CRM aimed to provide a pathway for the aviation industry to develop education and training programs that addressed human performance and how important it is that 2 pilots operating in the cockpit environment must focus on situational awareness, aeronautical decision-making, leadership, communications, and workload management in harmony rather than autonomously.

These training programs have been very successful, for the most part, as long as crew members employ and execute the principles of CRM without exception. However, while CRM has improved operational discipline and safety vastly, humans are not infallible, and errors do occur.

Errors can be deterministic, because you can’t predict when an error is going to occur. Errors are also probabilistic, meaning we can identify the likely phases of flight when certain types of error could occur, based on statistics and trends.

Crew resource management training focuses on human factors, teamwork, communication, and aeronautical decision-making to enhance aviation safety.

While safety has improved, year after year there are still aircraft accidents and serious incidents attributed to CRM issues involving dual- and single-pilot crews.

The crash of the Learjet 60 at CAE provides clear examples of CRM going wrong.

In its report, NTSB identified numerous errors and omissions committed by the pilots, both as individuals and as a crew.

These errors include – but are not limited to – (1) the captain’s indecision, (2) the captain’s failure to following training protocols and SOPs, (3) the failure to make a clear RTO call that was coordinated and agreed upon by both pilots, (4) the copilot’s acceptance of a simplified RTO briefing that did not identify who would perform specific tasks, and (5) the captain’s lack of assertiveness and leadership at the onset of the situation.

The report further discusses several issues related to the maintenance of the airplane and the severely under-inflated tires that failed and shed tire debris into the wheel well, damaging the hydraulic system and causing the brakes and thrust reversers to fail.

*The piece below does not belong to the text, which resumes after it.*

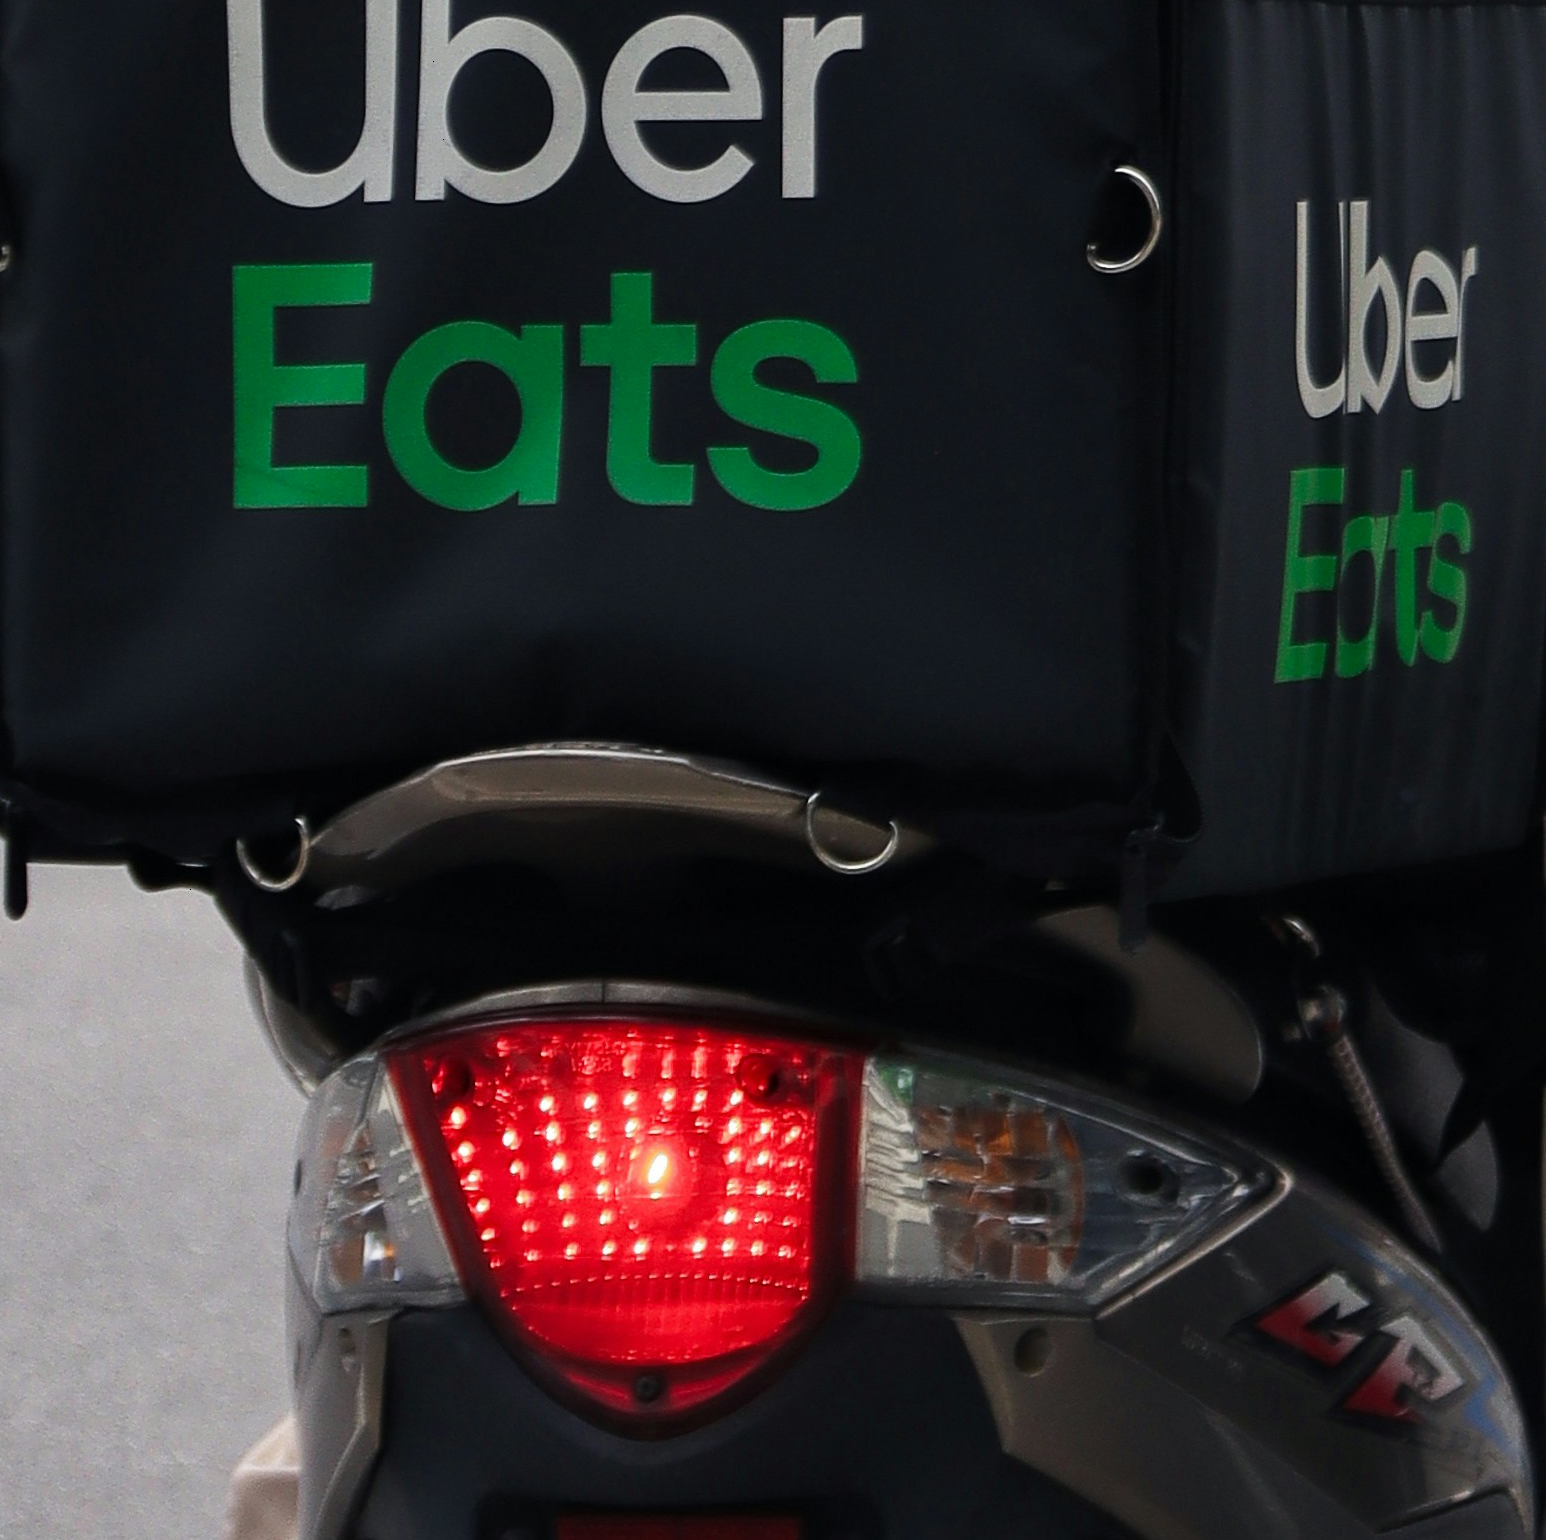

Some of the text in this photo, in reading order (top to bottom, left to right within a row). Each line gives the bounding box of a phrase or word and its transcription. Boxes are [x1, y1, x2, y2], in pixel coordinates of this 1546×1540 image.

[232, 263, 863, 512] Eats
[1296, 199, 1478, 419] Uber
[1274, 467, 1473, 685] Eats

In fact, the damage to the air-ground switch caused the thrust reversers to return to a stowed position, providing forward thrust when the captain was attempting to use the brakes and thrust reversers to stop.

Summarizing

Pilots cannot perform autonomously in aircraft operations requiring 2 pilots, but rather in a complementary manner to ensure the highest levels of operational safety.

This begins with training and reinforcing policy and procedures so they become second nature, ensuring there is no indecision or ambiguity between crew members during a high-stress, high-anxiety situation, or miscommunications or information misinterpretation that could delay or inhibit a pilot from reacting and performing with clarity and efficiency.

Training is a critical part of a CRM program, because it provides the environment to redirect pilot thinking in order to ensure clear and concise communication, improve aeronautical decision-making, develop and hone leadership skills, and empower an individual to participate with equality, regardless of cockpit position or rank.

These are the qualities that will move the needle from individualistic thinking and behavior to thinking and performing as a crew with coordination and effective operational discipline, and are absolutely necessary to reduce errors and enhance flight safety.

Training should be used by pilots to develop their individual skills and learn to use tools that can be effective in recognizing imprecision in things such as procedural briefings, or further develop their assertiveness to ensure that the input provided in the crew environment is being heard and considered by the other pilot, especially under the most challenging of circumstances.

Finally, training reinforces standardization and emphasizes the need to maintain the highest levels of operational discipline at all times. Train with purpose so you can execute with purpose.